Gyula Eduard Dahlström baptized as Julius Edvardus Dahlström (23 January 1834 – 13 August 1907) was a Hungarian-Slovak entomologist who specialized in the study of the lepidoptera of the eastern Slovak region.

== Life and work ==
Dahlström was born Vranov nad Topľou, son of pharmacist Eduard Dahlström and his wife Juliana née Krajčinová. His father's family had origins in Sweden and an ancestor was an engineer who had built the Sóvár salt factory. He completed his 6th grade in 1849 when the family escaped a Russian invasion and moved to Miskolc where he trained as a merchant. He served in the Imperial German army and was discharged as a sergeant after seven years. He then moved to Prešov where he worked at an orphanage until 1867. He then worked as a cashier in the Prešov Savings Bank, a job he held for forty years until his retirement in April 1907. Alongside his career, he became interested in the lepidoptera of the region and collected extensively in his spare time, publishing notes in the Hungarian journal Rovartani lapok and the Leipzig collectors journal Insektenbörse.
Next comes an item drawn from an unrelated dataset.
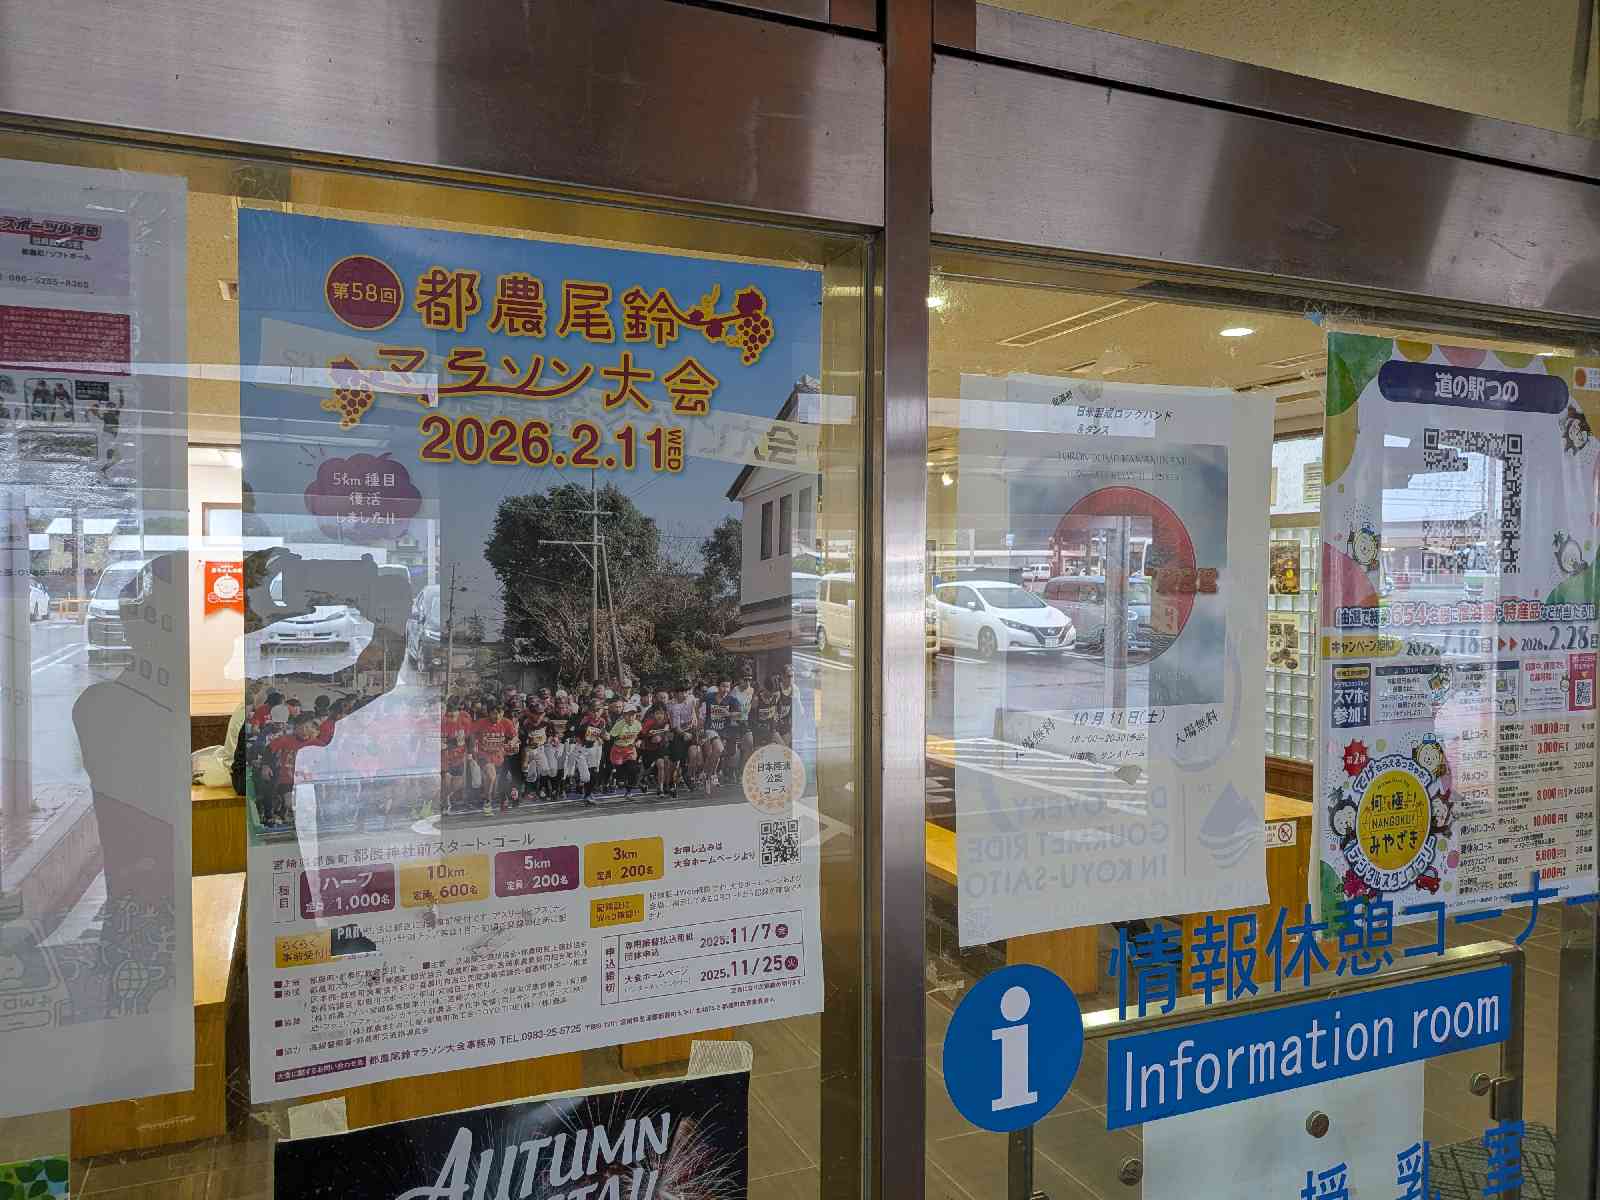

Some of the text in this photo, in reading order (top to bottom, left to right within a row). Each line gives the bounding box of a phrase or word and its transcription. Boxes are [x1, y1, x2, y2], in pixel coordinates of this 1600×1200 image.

He pioneered the use of baits at night for moth collections and also reared caterpillars. He also trained other people to collect specimens for him and some of these have led to records that are now considered to have errors in their collection location information, having been collected from the Tatra Mountains.

He died suddenly while on an excursion in the area of Solivar near Prešov in 1907. His collections are now held in the Hungarian National Museum in Budapest and some parts in the Rákoczi Museum in Košice.